DUSHANBE, August 5, 2015, Asia-Plus – The Kyrgyz government’s official website reports that Kyrgyz Prime Minister Temir Sariyev has interrupted his short-term vacation in connection with cross-border violence between villages in Kyrgyzstan and Tajikistan.

By Sariyev’s order an interagency working group has been set up to investigate the incident.

Currently, representatives of local authorities, law enforcement agencies and border services of Kyrgyzstan and Tajikistan are carrying out explanatory work among the local population for the purpose of settling the conflict situation, the website says.

According to sources in Tajikistan’s Isfara district, the incident along the border started on August 3 when residents of the Kyrgyz village of Kok-Tash blocked the flow of water to the Tajik village of Chorkuh, which caused protests by Tajiks.  In response to this, residents of the Tajik village of Chorkuh blocked a road that Kyrgyz residents of Kok-Tash use to reach a cemetery where relatives are buried.

Some 200 people then gathered on both sides of the border on August 3 and threw stones at each other.

An official at the Isfara mayor’s office says the crowd increased to about 500 people on August 4 and residents again threw stones, injuring several people on both sides.

Some sources in Isfara say Kyrgyz border guards on August 4 opened fire at Tajik nationals.  Two Tajik nationals were reportedly wounded and several houses in the Tajik village of Somoniyon were set on fire by Kyrgyz nationals.

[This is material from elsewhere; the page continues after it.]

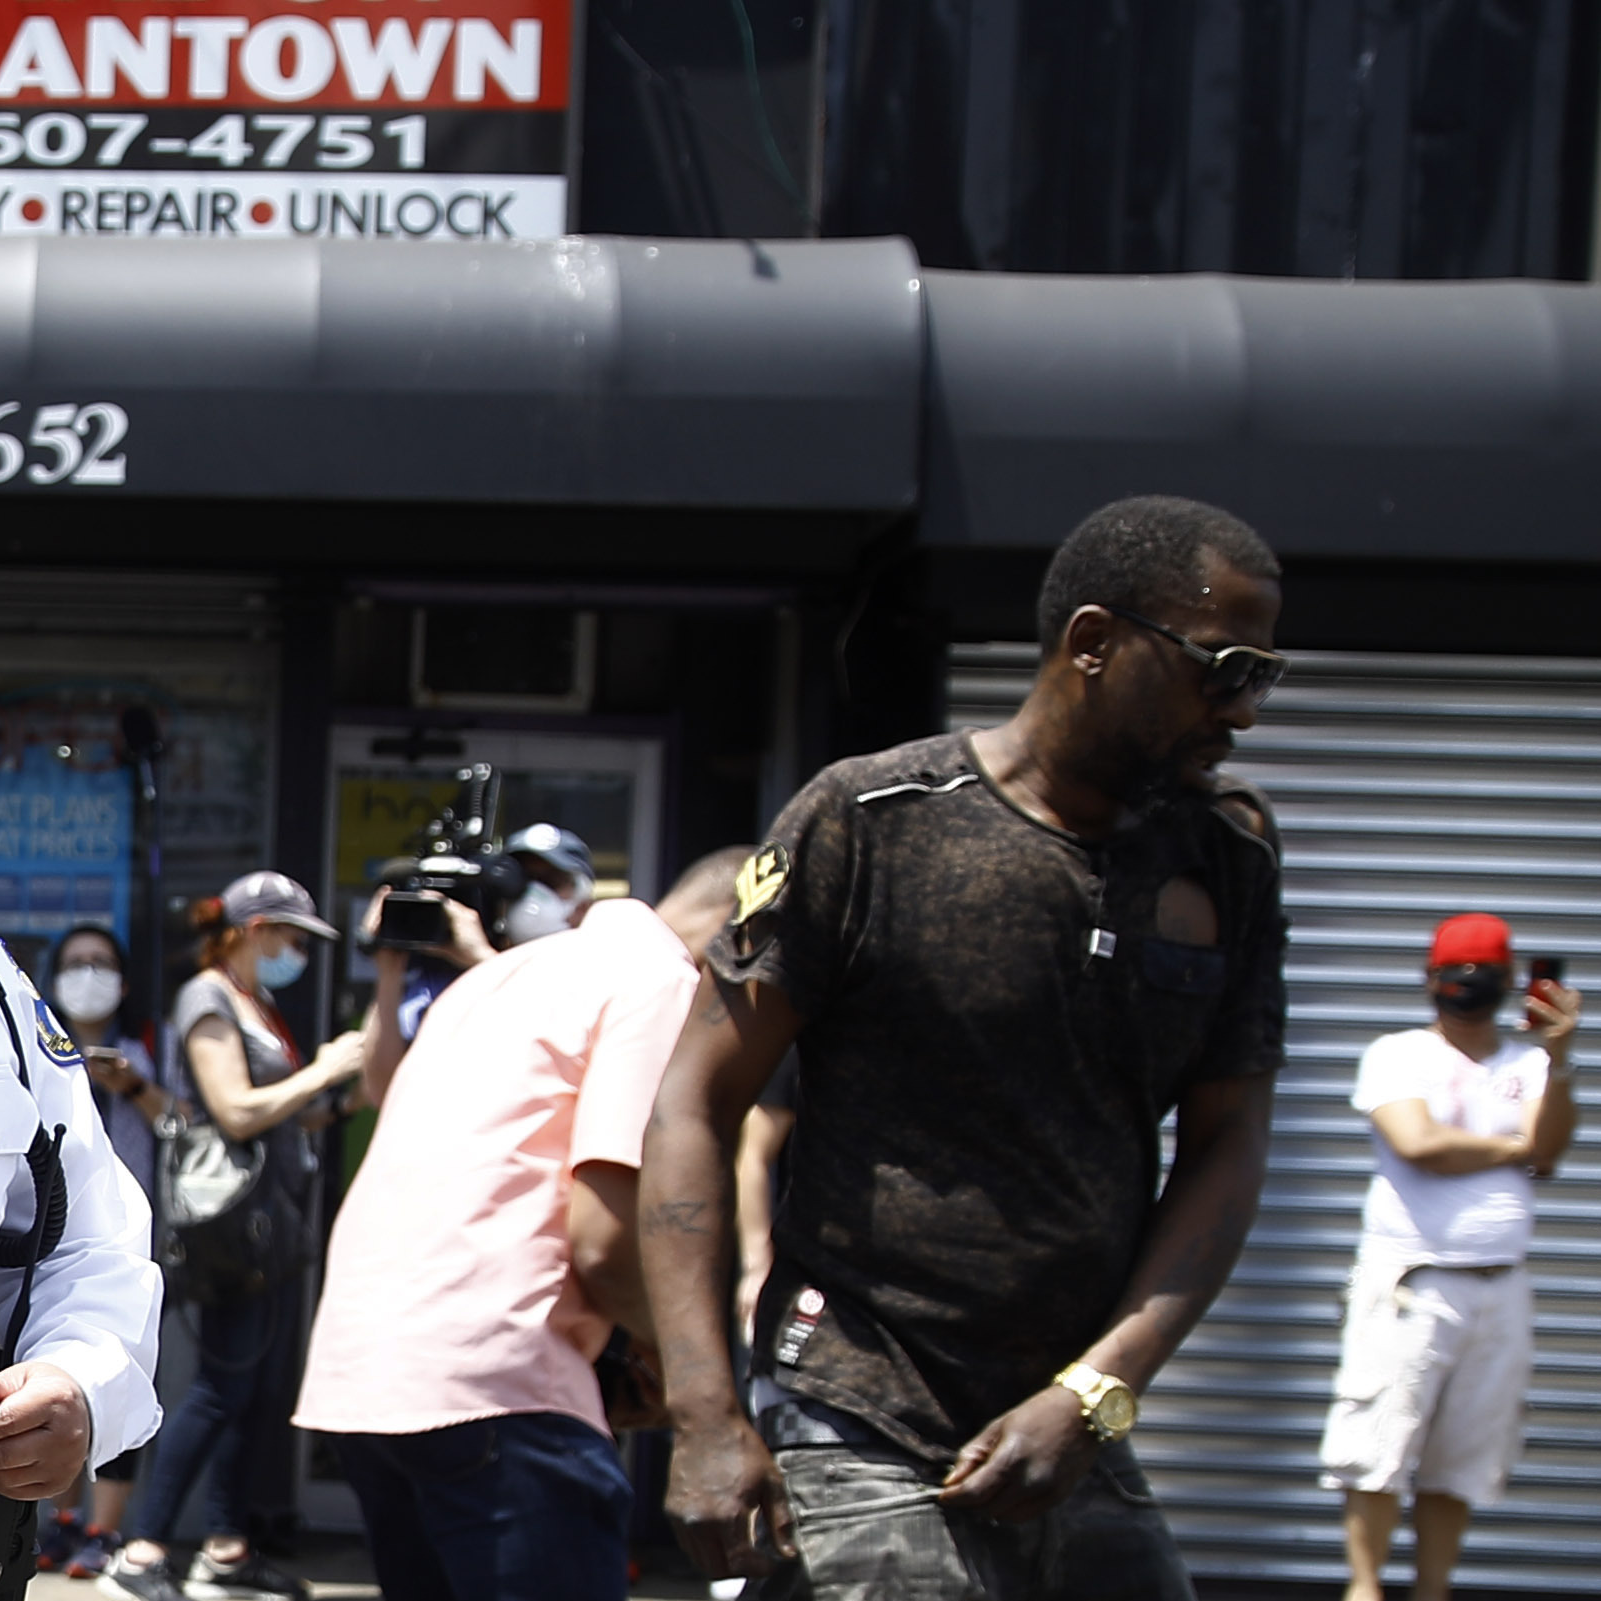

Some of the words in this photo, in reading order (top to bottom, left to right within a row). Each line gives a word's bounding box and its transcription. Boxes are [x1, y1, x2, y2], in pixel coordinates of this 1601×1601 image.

[62, 190, 239, 234] REPAIR
[290, 188, 516, 237] UNLOCK
[30, 794, 118, 827] PLANS
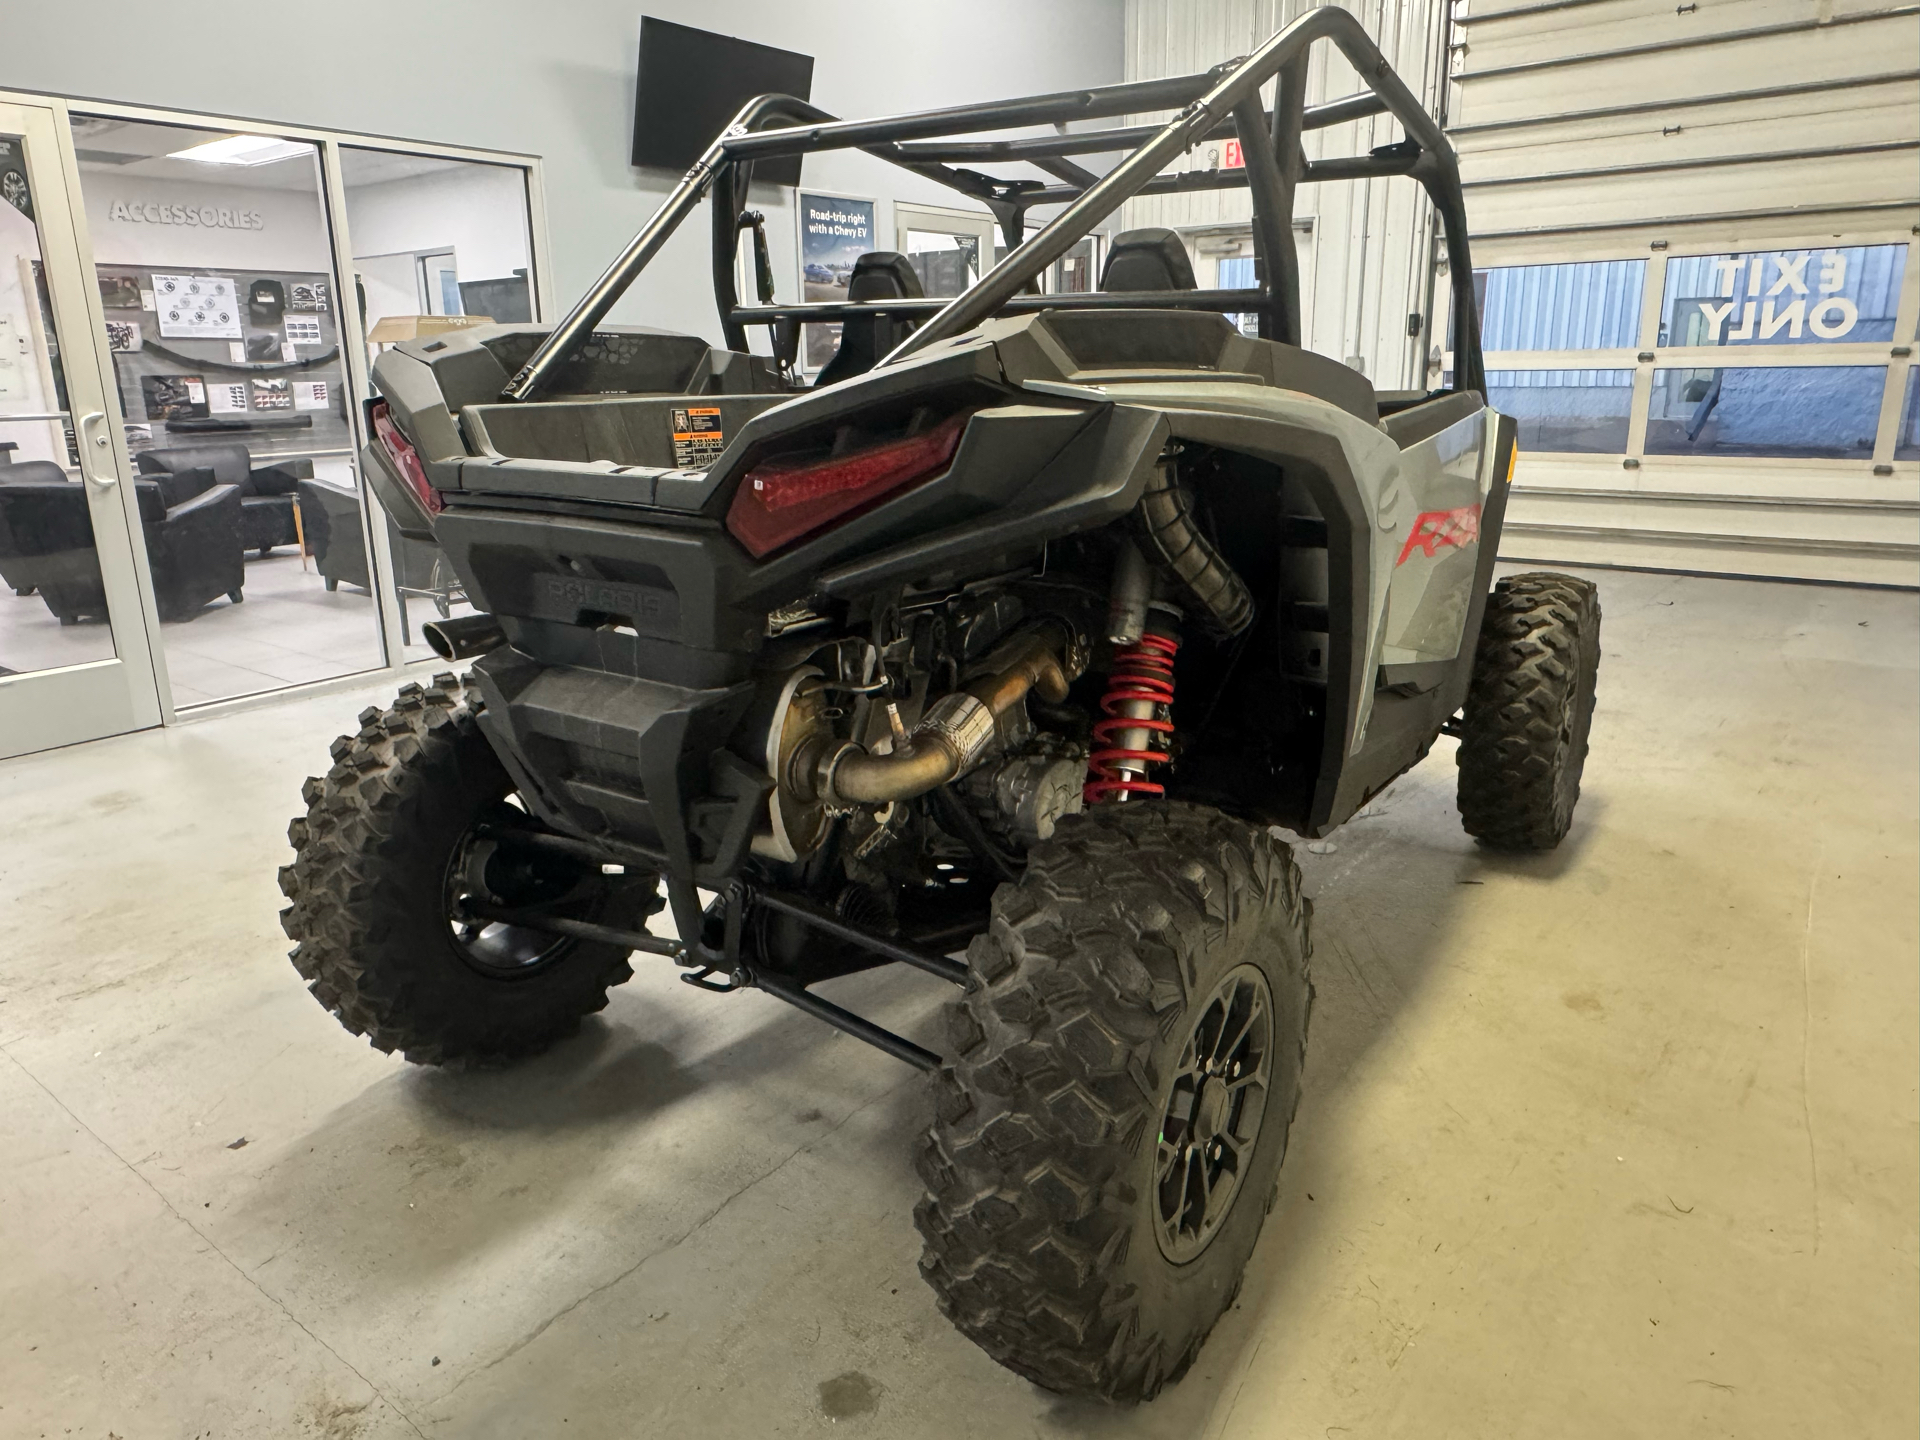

 Kyrgyz authorities, however, say that Kyrgyz border guards did not open fire at Tajik nationals.  According to a statement posted on Kyrgyz border service’s website, Kyrgyz border guards did not use weapons in the clash between Kyrgyz and Tajik nationals along the Kyrgyz-Tajik border.  The statement that was posted on Kyrgyz border service’s website on Tuesday at 2:45 notes that the situation in the Mayskaya area, Batken district near the Kyrgyz-Tajik border remains complex.

The statement, in particular, says that residents of the Kyrgyz village of Kok-Tash and the Tajik village of Chorkuh gathered in the Mayskaya area near the border on Tuesday at around 1:00 pm and began throwing stones at each other.  As a result, three Kyrgyz citizens have sustained various injuries.

Radio Liberty’ Kyrgyz Service reported on August 4 that four Kyrgyz citizens have been hospitalized after another violent incident along the Kyrgyz-Tajik border.  Zalkar Bekmuratov, the deputy chief physician at the Batken Clinic in southern Kyrgyzstan, told RFE/RL that two of the patients suffered concussions and the other two have minor injuries.

Meanwhile RFE/RL’s Tajik Service quoted officials in Tajikistan''s Isfara district as saying that six Tajik citizens were wounded by gunfire that rang out later on August 4.  Two of the wounded Tajiks are in grave condition, the officials said.

The deputy chief of Chorkuh, Abdukhalil Sharifov, reportedly said the shooting came from the Kyrgyz side of the border and broke out when Tajiks resumed work on building a water pipe crossing a disputed area.

He said 10 people from both sides were injured in the initial outbreak of violence on August 3.

Local authorities and elders from both sides were discussing the situation and urging calm.

Kyrgyz and Tajik border guards said they are monitoring the situation and are ready for joint efforts to prevent an escalation of violence.

Conflicts over water and land are still present between Kyrgyz and Tajiks in southern Kyrgyzstan.  Border incidents, most of which concern sections which have not been delimited, are leading to clashes between them.

Tajikistan’s common border with Kyrgyzstan is 978 kilometers in length and only 530 kilometers of it have been delimited so far.  The disputed 448 kilometers of the border run through densely populated areas of Tajikistan’s Sughd province

We will recall that Tajikistan and Kyrgyzstan have been locked in a tense border dispute over Vorukh, an exclave of Tajikistan within Kyrgyzstan.

Kyrgyzstan has suggested using the maps of the periods of 1955-1959 for demarcation and delimitation of the disputable stretches of the border while Tajikistan has suggested working with documents and maps of the period of 1924-1927.  The maps of the early 1920s show the Tajik Soviet Socialist Republic as incorporating Vorukh within its borders while the maps of the 1950s show Vorukh as an exclave within the Kyrgyz Soviet Socialist Republic.